Islam adalah al-imtitsal wal-inqiyad (merealisasaikan dan tunduk patuh) pada semua yang dibawa oleh Nabi Muhammad saw., yang telah diketahui dari agama secara pasti. Yang dimaksud dengan al-imtitsal adalah pengakuan dan pernyataan lisan akan kebenaran semua yang disampaikan Nabi Muhammad saw., meliputi tetapnya keesaan Allah Ta’ala dan kerasulan Muhammad saw. Pengakuan dan pernyataan lisan ini bisa dicapai (dianggap cukup) dengan mengucapkan dua kalimat syahadat (syahadatain). Jadi, dalam kondisi apa pun, inti Islam adalah mengucapkan dua kalimat syahadat. Tetapi Islam akan menyelamatkan hanya jika diikuti dengan kepatuhan hati yang merupakan bagian dari iman. Maka ketahuilah bahwa islam yang menyelamatkan dan iman adalah dua hal yang saling berkaitan erat (tak terpisahkan).
Ikrar keislaman memiliki syarat yang jika tidak dipenuhi, keislamannya tidak diterima. Syarat itu adalah an-nafyi (penafian) dan al-itsbat (pengukuhan/penetapan). Dalam ikrar keislaman, seseorang dianggap tidak cukup islam bila hanya berucap, “Allah itu esa dan Muhammad adalah rasul-Nya.” Ini pendapat kebanyakan ulama, di antaranya para ulama Syafi’iyyah. Ada memang pendapat yang tidak mensyaratkan nafyi dan itsbat, yang penting pernyataan yang menunjukkan pengakuan akan keesaan Allah Ta’ala dan kerasulan Muhammad saw., dan ini pendapat yang dipegang oleh mazhab Maliki.
Menurut pendapat yang pertama, selain disyaratkan adanya nafyi dan itsbat, ikrar keislaman juga memiliki syarat sah lainnya. Di antaranya adalah menyertakan kata asyhadu (aku bersaksi) dan memahami makna ucapan yang dipersaksikannya, yakni dengan mengucapkan asyhadu al-la ilaha illallah wa asyhadu anna muhammadar-rasulullah disertai pemahaman maknanya, meski hanya makna umumnya saja. Karena itu, bila seorang non Arab di-talqin mengucapkan dua kalimah syahadat dalam bahasa Arab, lalu dia mengucapkannya tanpa memahami maknanya, keislamannya belum bisa diterima.

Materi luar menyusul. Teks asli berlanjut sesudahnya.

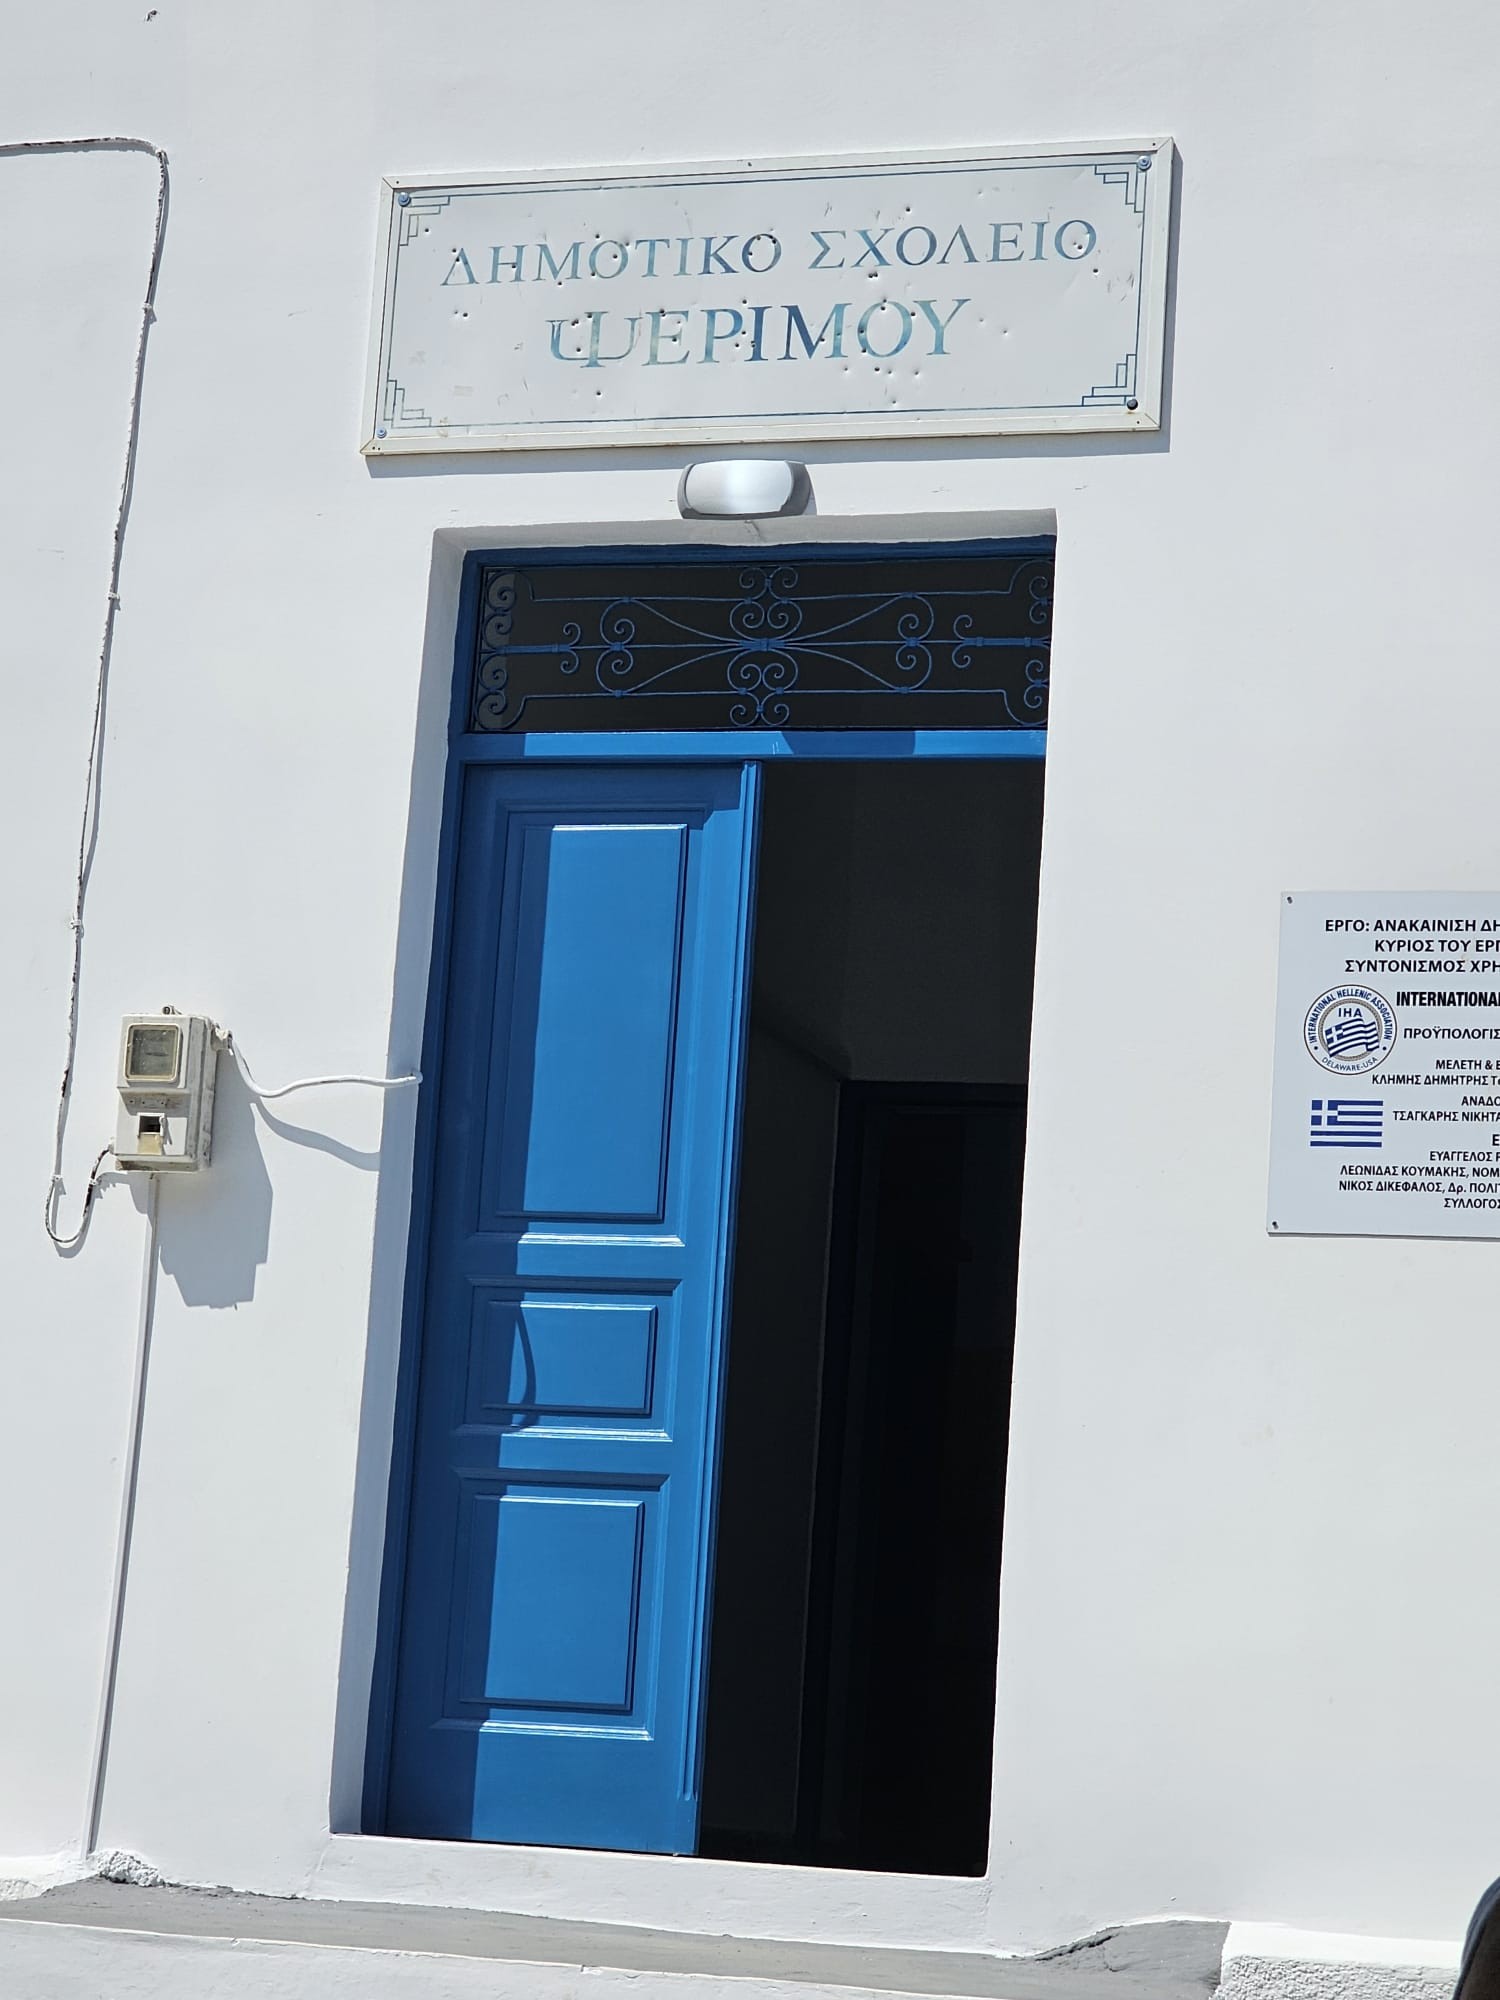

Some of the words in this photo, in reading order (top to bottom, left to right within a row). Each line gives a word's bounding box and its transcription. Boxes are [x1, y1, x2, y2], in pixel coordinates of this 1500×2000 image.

[440, 232, 783, 287] ΔΗΜΟΤΙΚΟ
[808, 218, 1098, 270] ΣΧΟΛΕΙΟ
[546, 296, 973, 369] ΨΕΡΙΜΟΥ
[1325, 919, 1370, 932] ΕΡΓΟ:
[1373, 919, 1477, 932] ΑΝΑΚΑΙΝΙΣΗ
[1374, 939, 1435, 953] ΚΥΡΙΟΣ
[1437, 939, 1472, 953] ΤΟΥ
[1344, 959, 1466, 973] ΣΥΝΤΟΝΙΣΜΟΣ
[1396, 991, 1500, 1007] INTERNATIONA
[1307, 993, 1337, 1044] INTERNATIONAL
[1336, 988, 1372, 1000] HELLENIC
[1370, 996, 1393, 1041] ASSOCIATION
[1338, 1007, 1363, 1018] IHA
[1321, 1056, 1379, 1072] DELAWARE-USA
[1435, 1059, 1482, 1071] ΜΕΛΕΤΗ
[1484, 1059, 1493, 1071] &
[1371, 1074, 1422, 1085] ΚΛΗΜΗΣ
[1423, 1074, 1489, 1086] ΔΗΜΗΤΡΗΣ
[1392, 1110, 1459, 1122] ΤΣΑΓΚΑΡΗΣ
[1429, 1150, 1493, 1162] ΕΥΑΓΓΕΛΟΣ
[1340, 1164, 1399, 1176] ΛΕΩΝΙΔΑΣ
[1401, 1165, 1470, 1179] ΚΟΥΜΑΚΗΣ,
[1338, 1180, 1374, 1191] ΝΙΚΟΣ
[1375, 1180, 1447, 1194] ΔΙΚΕΦΑΛΟΣ,
[1447, 1182, 1469, 1196] Δρ.
[1443, 1197, 1500, 1209] ΣΥΛΛΟΓΟ
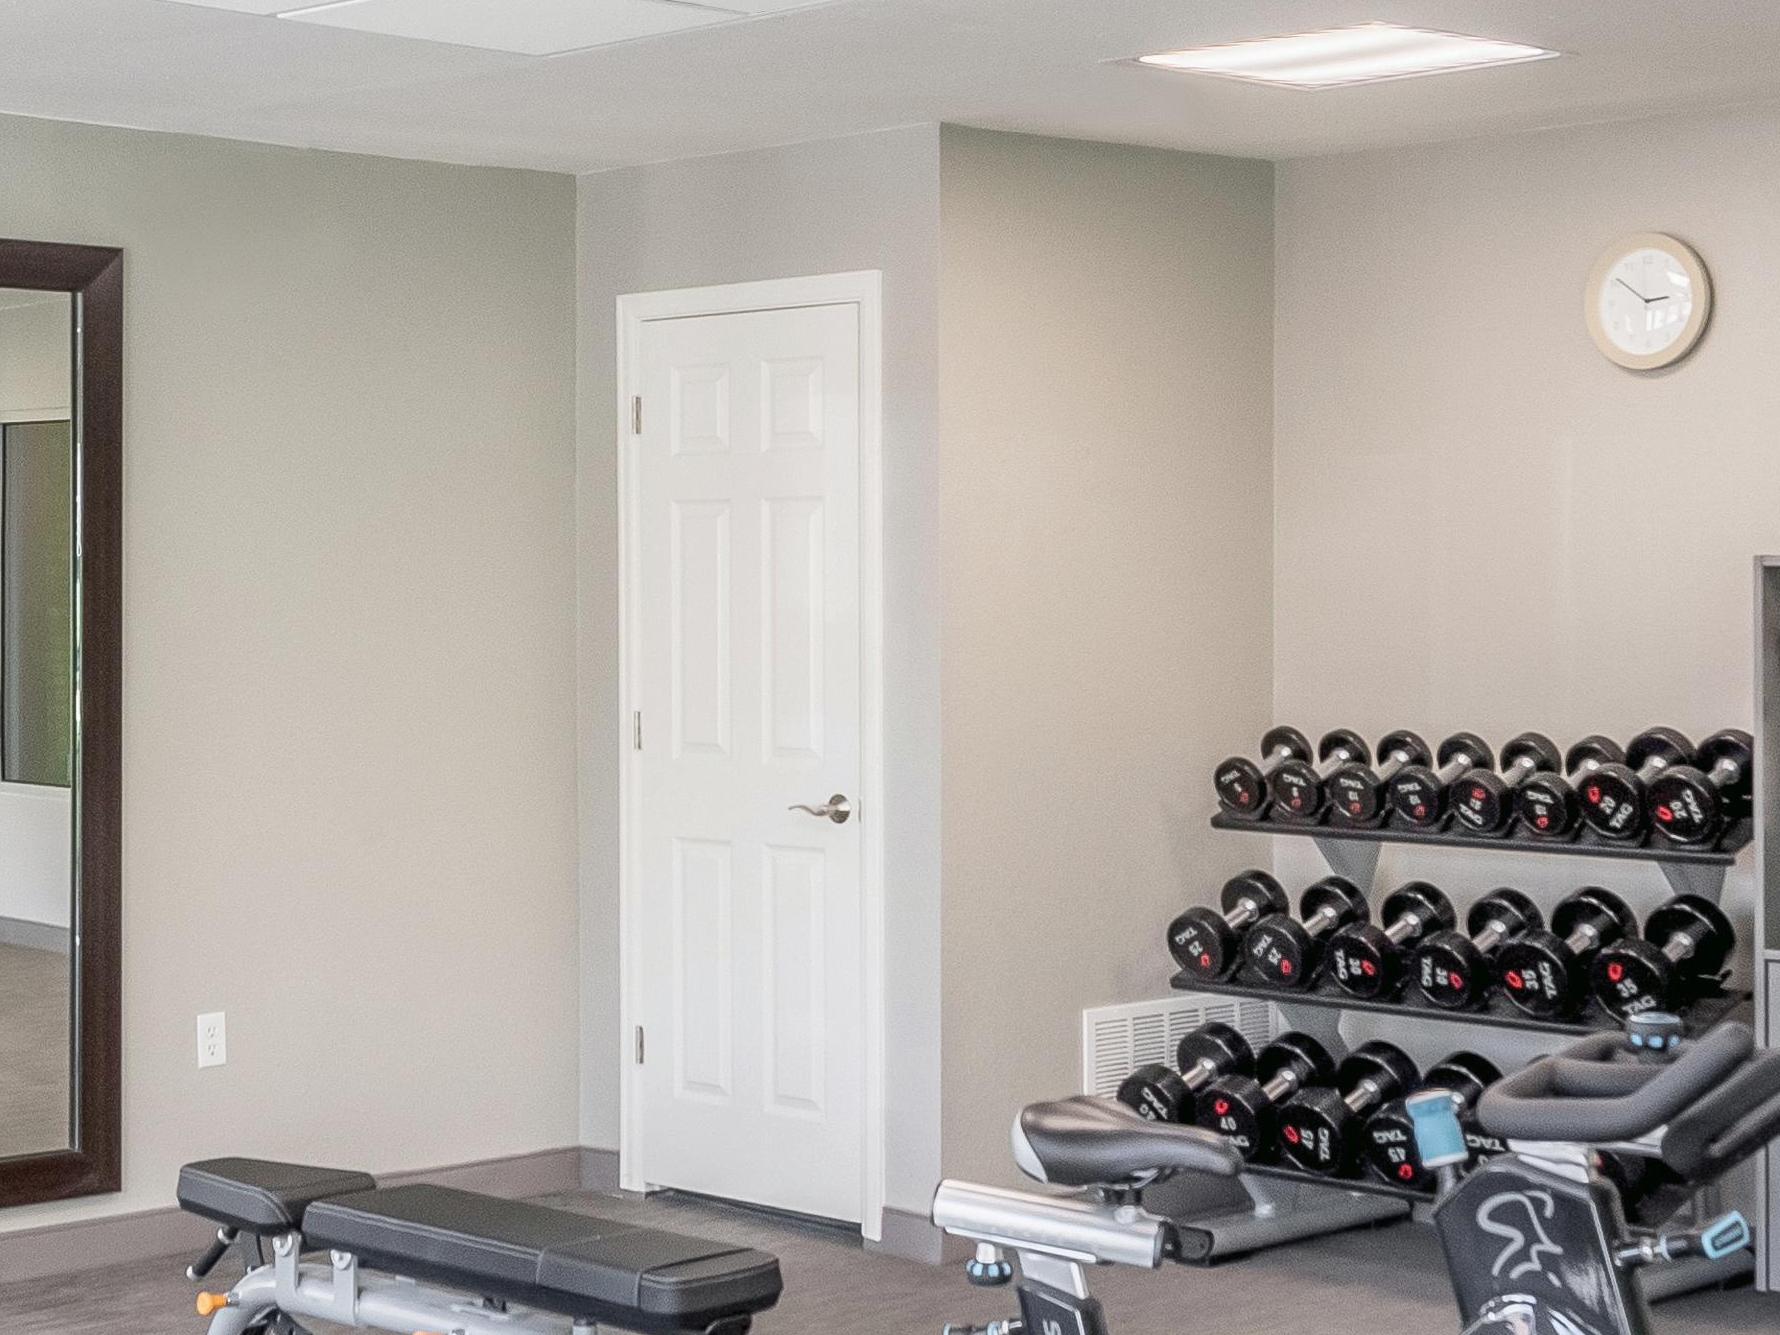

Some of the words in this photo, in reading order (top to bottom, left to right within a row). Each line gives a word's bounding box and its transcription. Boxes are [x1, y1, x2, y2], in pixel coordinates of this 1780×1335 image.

[1340, 778, 1364, 790] TAG
[1397, 783, 1422, 794] TAG
[1525, 790, 1555, 804] TAG
[1681, 789, 1704, 824] TAG
[1609, 803, 1634, 829] TAG
[1669, 801, 1688, 819] 20
[1174, 927, 1198, 946] TAG
[1252, 934, 1273, 958] TAG
[1334, 949, 1348, 980] TAG
[1421, 956, 1433, 987] TAG
[1521, 969, 1539, 990] 35
[1538, 962, 1558, 999] TAG
[1617, 978, 1638, 998] 35
[1622, 995, 1657, 1015] TAG
[1142, 1087, 1168, 1119] TAG
[1220, 1117, 1237, 1131] 40
[1228, 1135, 1250, 1147] AG
[1300, 1128, 1314, 1150] 45
[1318, 1128, 1330, 1161] TAG
[1373, 1129, 1407, 1144] TAG
[1465, 1134, 1505, 1151] TAG
[1388, 1146, 1406, 1163] 45

Syarat lainnya adalah tertib. Pengucapan dua kalimah syahadat harus berurut secara tertib. Yakni, asyhadu al-la ilaha illallah wa asyhadu anna muhammadar-rasulullah. Jika pengucapannya dibalik menjadi asyhadu anna muhammadar-rasulullah wa asyhadu al-la ilaha illallah, maka ikrar keislamannya tidak sah. Ini menurut pendapat yang paling kuat.
Selain menyertakan kata asyhadu, memahami maknanya dan tertib dalam pengucapannya, pengucapan dua kalimah syahadat sebagai ikrar keislaman juga harus beruntun. Apabila pengucapan kalimat syahadat yang kedua (asyhadu anna muhammadar-rasulullah) sampai terpaut dari syahadat yang pertama dalam jeda yang lama, maka keislamannya dianggap tidak sah, menurut pendapat yang paling kuat.
Syarat lainnya adalah baligh dan berakal. Ikrar syahadat keislaman seseorang yang belum baligh atau tidak berakal dianggap tidak sah. Statusnya hanya ikut-ikutan. Selain itu, orang yang melakukan ikrar disyaratkan untuk tidak menampakkan hal yang menafikan kesaksiannya. Ikrar tidak sah dilakukan oleh seseorang yang sedang bersujud kepada berhala.
Ikrar keislaman juga harus berdasarkan kemauan sendiri. Tidak sah ikrar keislaman orang yang dipaksa. Kecuali bila dia kafir harbi atau orang yang murtad. Itu pun dengan syarat dia harus mengakui kembali apa yang sempat dingkarinya dan kembali dari kesesatannya.